Vincent was from a religious family and the son of a minister though following his uncle into art dealing initially. Tiring of art dealing his return home saw him studying theology. Although an intense scholar, he failed the necessary exams to enter religious programmes. He was an intelligent man with an ability to speak different languages. He worked as a missionary in a small impoverished mining town living amongst them and preaching. He transitioned at this time to art as he became less enamoured with preaching and more excited and interested in the observation of his community
At 27 years Vincent joined the Académie Royale des Beaux-Arts in Belgium. He had his heart broken for the first time and began to paint. The following years were fallow for Vincent both in love and art.

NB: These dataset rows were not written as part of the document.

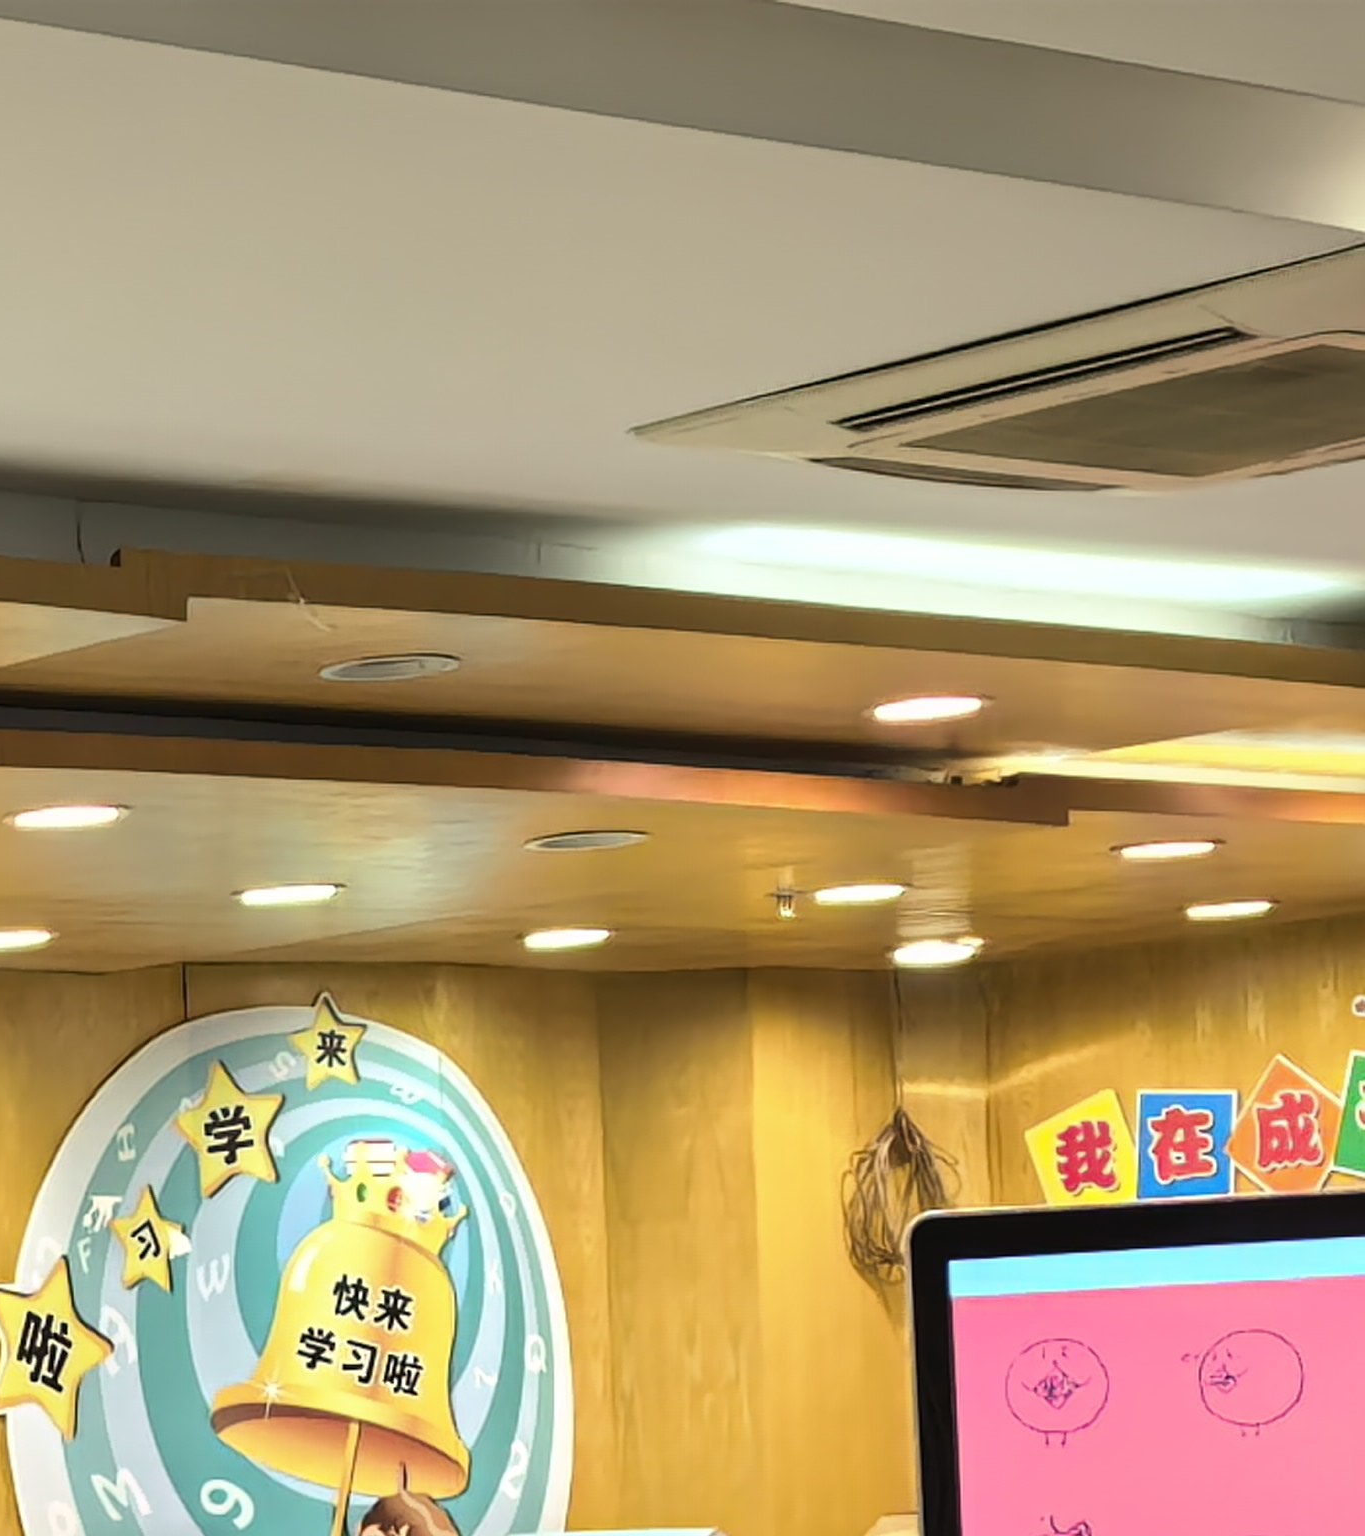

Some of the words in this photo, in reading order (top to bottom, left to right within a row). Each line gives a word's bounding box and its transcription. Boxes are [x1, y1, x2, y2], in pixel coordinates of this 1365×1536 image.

[316, 1029, 347, 1068] 来
[204, 1105, 254, 1165] 学
[1056, 1092, 1365, 1193] 我在成
[131, 1219, 161, 1260] 习
[332, 1274, 413, 1332] 快来
[16, 1310, 73, 1393] 啦
[296, 1326, 424, 1397] 学习啦

The Potato Eaters was Vincent’s initial major work. Some interest was developing in his work but he had to live frugally while continuing to paint. His move to Paris brought more critical acclaim but the sale of his paintings remained elusive.
Upon his move to Arles, he dreamed of starting a colony for artists. Paul Gauguin was amongst his visitors and Vincent became extremely agitated when Gauguin left, so much so he cut off his ear and left it at a brothel he and Gauguin used as a keepsake for Gauguin. Despite contrary reports, it is believed he only cut a small portion of his ear lobe off. He was however, hospitalised after this incident. This period saw the famous “Sunflowers” painting produced, yet the cheery subject matter was in contrast to Vincent’s increasing psychotic episodes and decline. He spent time in and out of the local asylum.
In all he produced over 900 works in his life time. Although Vincent has been dubbed a tortured soul and mad genius, it seems his sanity may be subject to argument. While it is true that he tried to eat poisonous paint and suffered breakdowns, experts believe his painting shows no evidence of psychosis and in fact, he suffered from a kind of epilepsy, painting only during lucid periods.
Whatever his state of mind was and there is no question, he lived with disappointment and demons, the world at large continues to be enthralled by his art as it offers so much to so many in a riot of colour and technique. One of the most iconic paintings must surely be “Starry Night” where dark azure vortexes whirl about the crescent moon and stars as the village lays slumbering beneath the church spire oblivious of the astral events overhead. This work was created during one of his stays in the asylum at Saint-Remy-de-Provence, France.
Vincent attempted to kill himself in a wheat field shooting him in the chest, not dying until two days later aged 37 years. His brother Theo died 6 months after him and is buried in the next grave in Auvers. The brothers had exchanged hundreds of letters of their lifetime and Theo’s widow dedicated herself through these letters and Vincent’s paintings to achieving recognition for Vincent’s art.